Observable (Acceptable)

"verification": [
{
"kind": "observation",
"description": "Visual inspection: task cards match spec in all four columns"
}
]

Manual (Last Resort)

"verification": [
{
"kind": "manual",
"steps": [
"Open the login page in Chrome",
"Submit invalid email format",
"Verify error appears below email field"
],
"expected": "Inline error message visible without page reload"
}
]

Using Metadata

The metadata field is for non-executable context — information that helps humans and agents understand a node's background:

"metadata": {
"rationale": "Enables deterministic testing of auth flows.",
"notes": "Consider adding a MockProvider for unit tests.",
"owner": "auth-team",
"tags": ["auth", "architecture"]
}

In most node types, metadata is optional.
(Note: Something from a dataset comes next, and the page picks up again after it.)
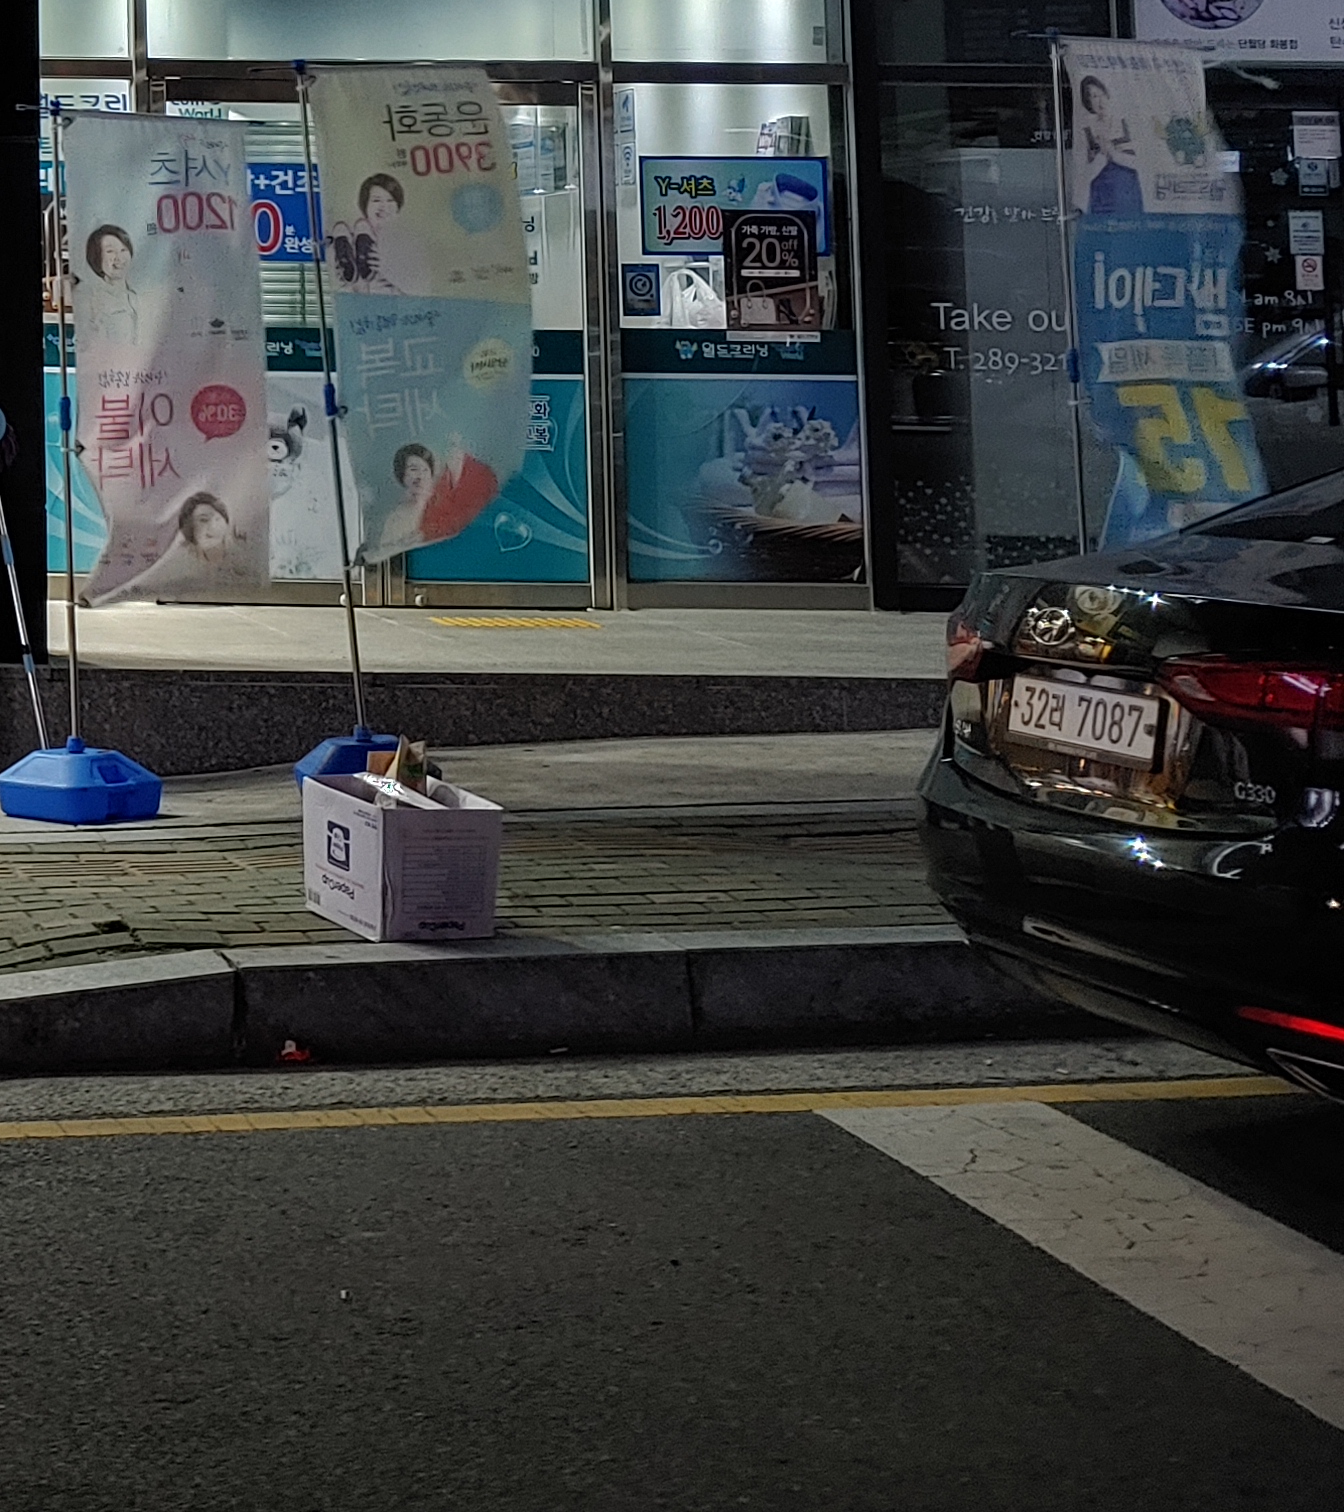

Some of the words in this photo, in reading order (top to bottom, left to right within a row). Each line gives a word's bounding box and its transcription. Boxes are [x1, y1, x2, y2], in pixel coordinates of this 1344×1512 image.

[930, 302, 1013, 331] Take
[1028, 307, 1070, 332] ou
[1076, 694, 1145, 749] 7087
Some type-specific rules may require metadata fields (for example, decision nodes require metadata.rationale).

Key rule: if something in metadata should be enforced as behavior, it belongs in statement or constraints, not metadata.

Status Is Workflow-Derived

Status is not stored in nodes. A node's lifecycle state is determined by git context:

  • Draft — the node exists on a feature branch that hasn't been reviewed yet
  • Proposed — the node's branch has an open pull request
  • Approved — the PR merged to the main branch
  • Deprecated — a supersedes edge from another node points to it
  • Rejected — the PR was closed without merging

This keeps nodes purely declarative and avoids the mutation-after-approval paradox — where marking a node as "approved" requires editing a file that was already reviewed, creating a tautological commit. By deriving status from git workflow, the spec graph describes what the system is, not where each node is in a review process.